What is being asked
All records are to be restated word for word, with pictures excluded.

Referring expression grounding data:
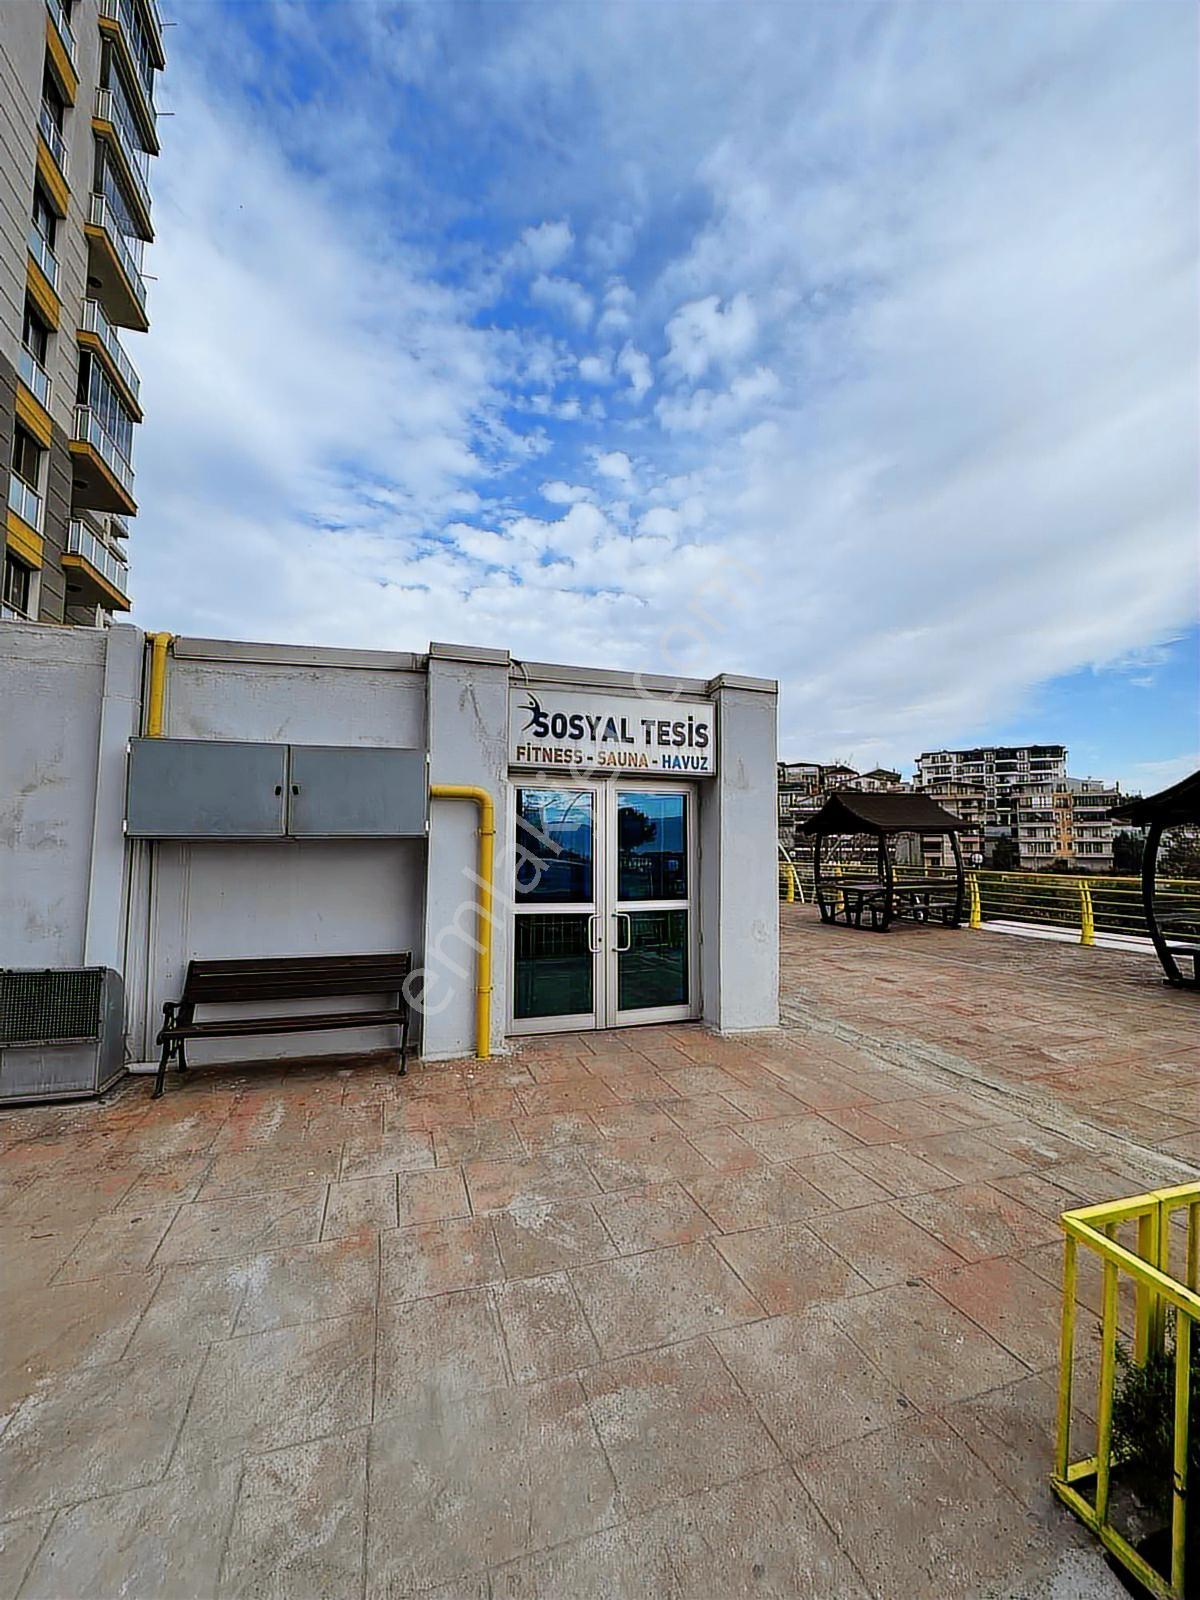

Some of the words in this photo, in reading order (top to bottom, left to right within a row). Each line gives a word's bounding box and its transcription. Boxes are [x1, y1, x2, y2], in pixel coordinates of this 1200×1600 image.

[532, 711, 635, 744] SOSYAL
[641, 716, 709, 748] TESİS
[516, 742, 583, 764] FİTNESS
[597, 750, 649, 768] SAUNA
[662, 754, 708, 771] HAVUZ

Written solution
Some of the words in this photo, in reading order (top to bottom, left to right within a row). Each line gives a word's bounding box and its transcription. Boxes are [x1, y1, x2, y2], in pixel coordinates of this 1200×1600 image.

[532, 711, 635, 744] SOSYAL
[641, 716, 709, 748] TESİS
[516, 742, 583, 764] FİTNESS
[597, 750, 649, 768] SAUNA
[662, 754, 708, 771] HAVUZ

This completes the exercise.